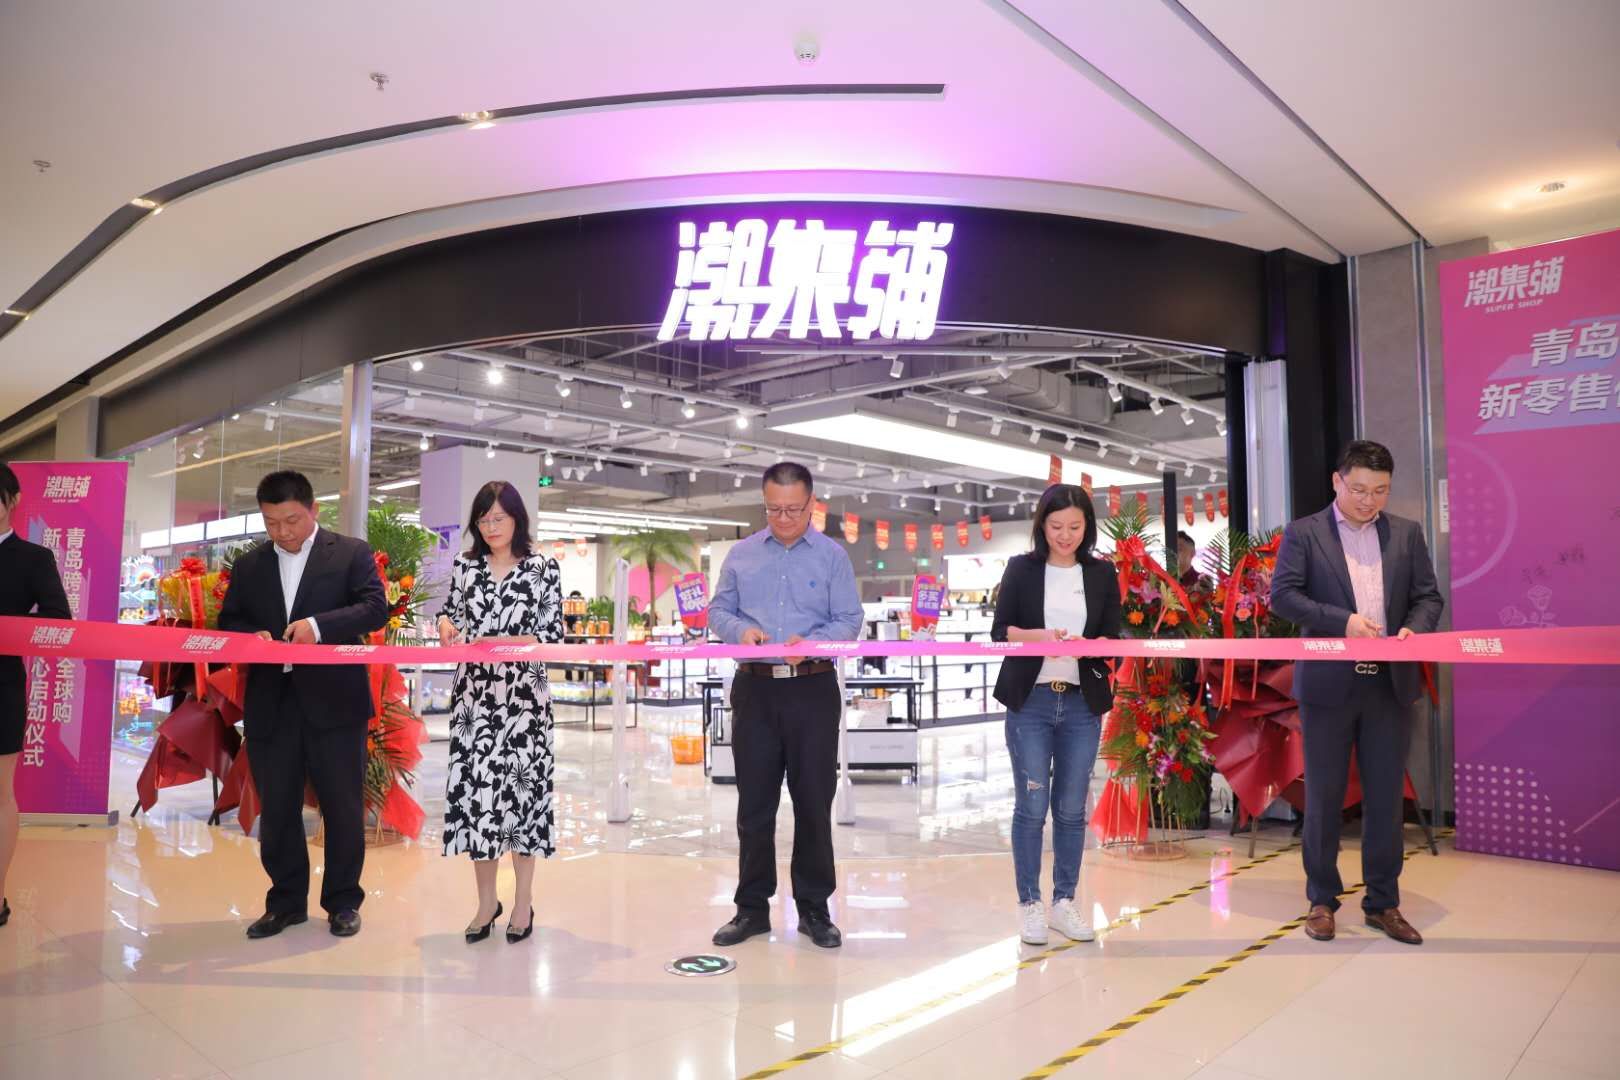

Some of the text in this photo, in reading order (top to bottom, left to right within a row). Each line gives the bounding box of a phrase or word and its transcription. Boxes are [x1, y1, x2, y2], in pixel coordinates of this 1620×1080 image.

[656, 218, 954, 341] 潮集铺
[1464, 256, 1565, 308] 潮集铺
[1485, 298, 1543, 313] SUPER SHOP
[1530, 321, 1620, 368] 青岛
[1478, 372, 1620, 420] 新零售
^^^^
Please ensure that the data above is repeated exactly, with no pictures in the copy.

Some of the text in this photo, in reading order (top to bottom, left to right within a row). Each line gives the bounding box of a phrase or word and its transcription. Boxes are [x1, y1, x2, y2], in pixel coordinates of this 1620×1080 image.

[656, 218, 954, 341] 潮集铺
[1464, 256, 1565, 308] 潮集铺
[1485, 298, 1543, 313] SUPER SHOP
[1530, 321, 1620, 368] 青岛
[1478, 372, 1620, 420] 新零售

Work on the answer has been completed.